The Memphis Grizzlies are done with their 1st road trip of the season — and luckily for everyone around, there aren’t any more West Coast games until Christmastime, and they won’t have another road trip this long until the middle of January.
Though there was a mixed bag, a 2-2 split should be considered a good accomplishment through this road trip. This was no slouch of a journey either. The Los Angeles Lakers and Golden State Warriors are two trendy picks to represent the Western Conference in the Finals, and the latter of the two hadn’t lost until Thursday night’s contest against Memphis. Then, the Los Angeles Clippers and Portland Trail Blazers are two teams in the same position — fighting for 5th/6th seed to avoid the play-in.
Anyway, you have to be impressed with what they did on this road trip. The young Grizzlies displayed great resiliency, and they made quality adjustments as well. They responded extremely well to the Portland blunder by wreaking havoc defensively in the next game — flying and swarming their way into 25 stocks (steals + blocks) in Thursday’s victory.
Overall, it was a good business trip, especially considering the quality of competition faced over the past week. However, like any .500 road trip, you’re going to get the good with the bad. So let’s break down a few of the good, the bad, and the ugly from this West Coast trip.
The Good: Ja Morant splitting and slicing defenses
Ja Morant was a bonafide superstar on this West Coast road trip — averaging 28.8 points with 52.7/42.9/83.3 shooting splits, 8.3 assists, 5.3 rebounds, and 2.3 steals in 36.5 minutes per game over these 4 games. It’s a tall task to be the best player on the floor when stepping up against All-NBA talent such as LeBron James, Anthony Davis, Stephen Curry, Paul George, and Russell Westbrook. Ja Morant rose to the occasion and did just that though.
Morant’s emergence as a 3-point shooter has definitely helped him do so, but he’s really been at his best getting downhill towards the basket.
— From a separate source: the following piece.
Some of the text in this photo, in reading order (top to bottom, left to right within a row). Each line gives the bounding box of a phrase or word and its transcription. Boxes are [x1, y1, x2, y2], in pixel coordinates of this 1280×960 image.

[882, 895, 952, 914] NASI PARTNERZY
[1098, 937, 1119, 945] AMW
He’s elite at finishing in the paint, as only Anthony Davis is scoring more points in the paint than Morant (16.0 points in the paint per game).
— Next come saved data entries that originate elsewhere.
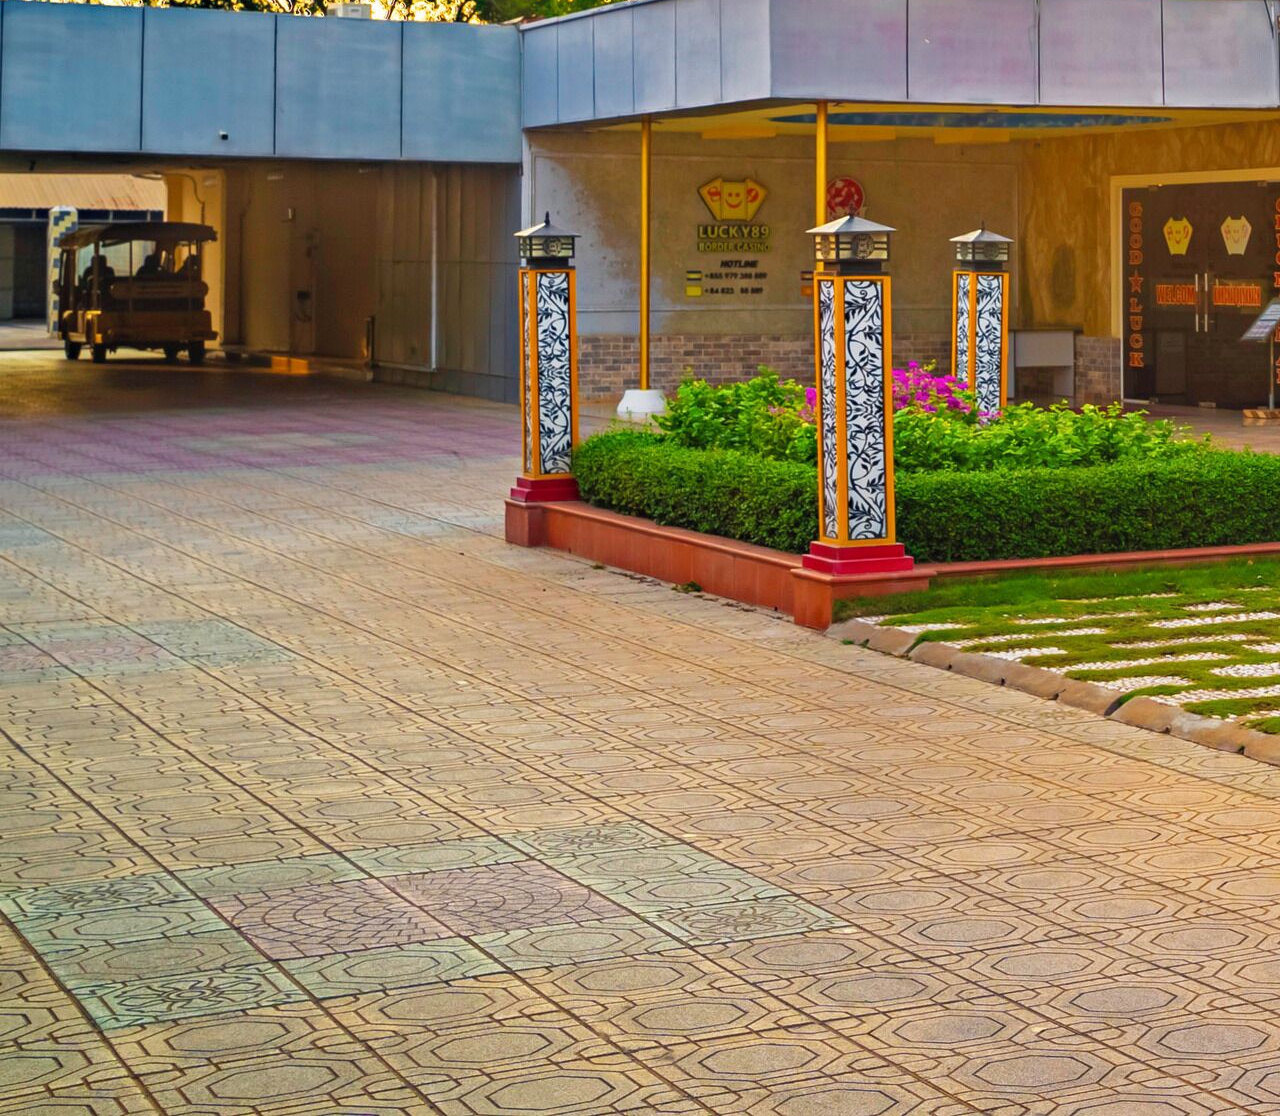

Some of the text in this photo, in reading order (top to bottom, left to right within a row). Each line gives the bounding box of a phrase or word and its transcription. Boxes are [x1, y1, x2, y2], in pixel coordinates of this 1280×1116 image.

[698, 225, 770, 239] LUCKY89
[698, 243, 769, 253] BORDER CASINO
[720, 260, 758, 268] HOTLINE
[1128, 201, 1145, 368] GOOD LUCK
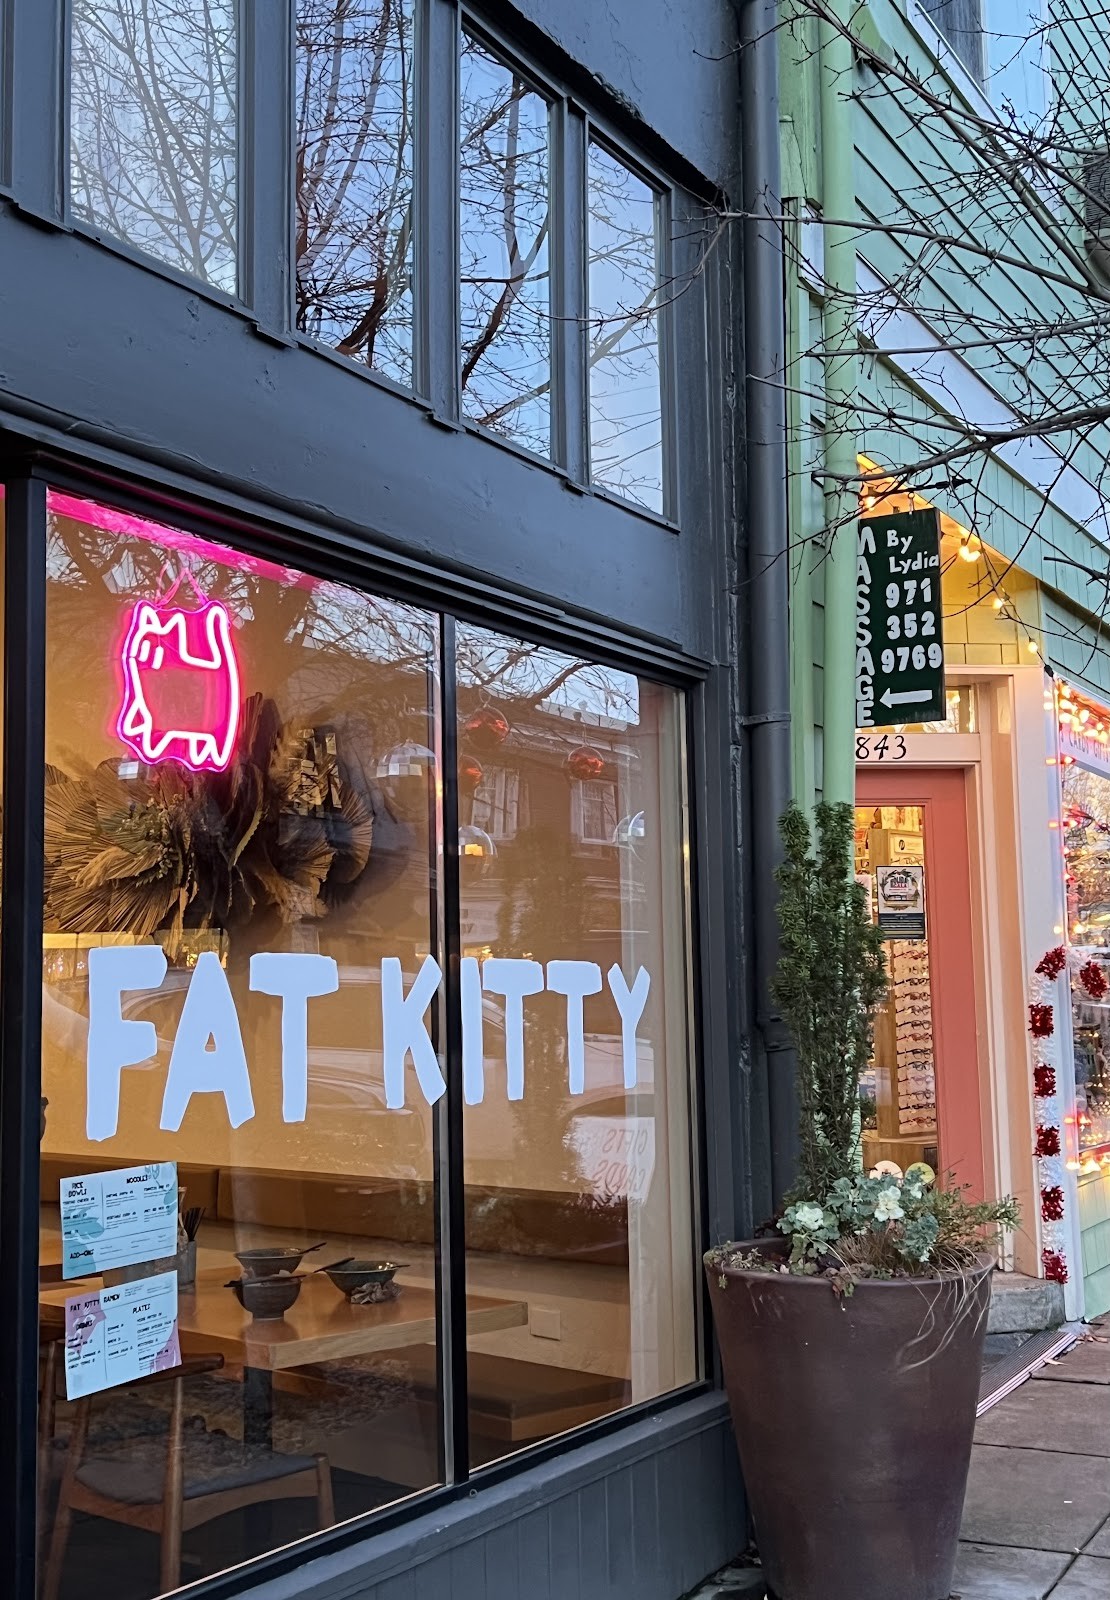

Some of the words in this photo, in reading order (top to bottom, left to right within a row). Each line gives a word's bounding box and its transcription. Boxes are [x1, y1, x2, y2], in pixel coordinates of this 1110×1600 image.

What’s been so impeccable about Morant’s downhill abilities though is his knack for finding attack points in the smallest slivers of space.
It didn’t matter whether it was in the pick-and-roll, in transition or in half-court offense, Morant did an excellent job at identifying gaps and navigating his way through to get to the cup. It’s a strong, crucial skill for him, as he continues to hone his craft as a pick-and-roll manipulator, and as defenses try to throw different looks at him in those coverages.
Ja Morant even wowed opposing arenas when he’s put his defenders in spin cycles. It’s just a beauty to see him just put the moves on his guy, leaving him stranded on his way to an easy bucket. It’s also just a great reminder of his patience and poise getting to his spots, and his craftiness once he’s inside the paint.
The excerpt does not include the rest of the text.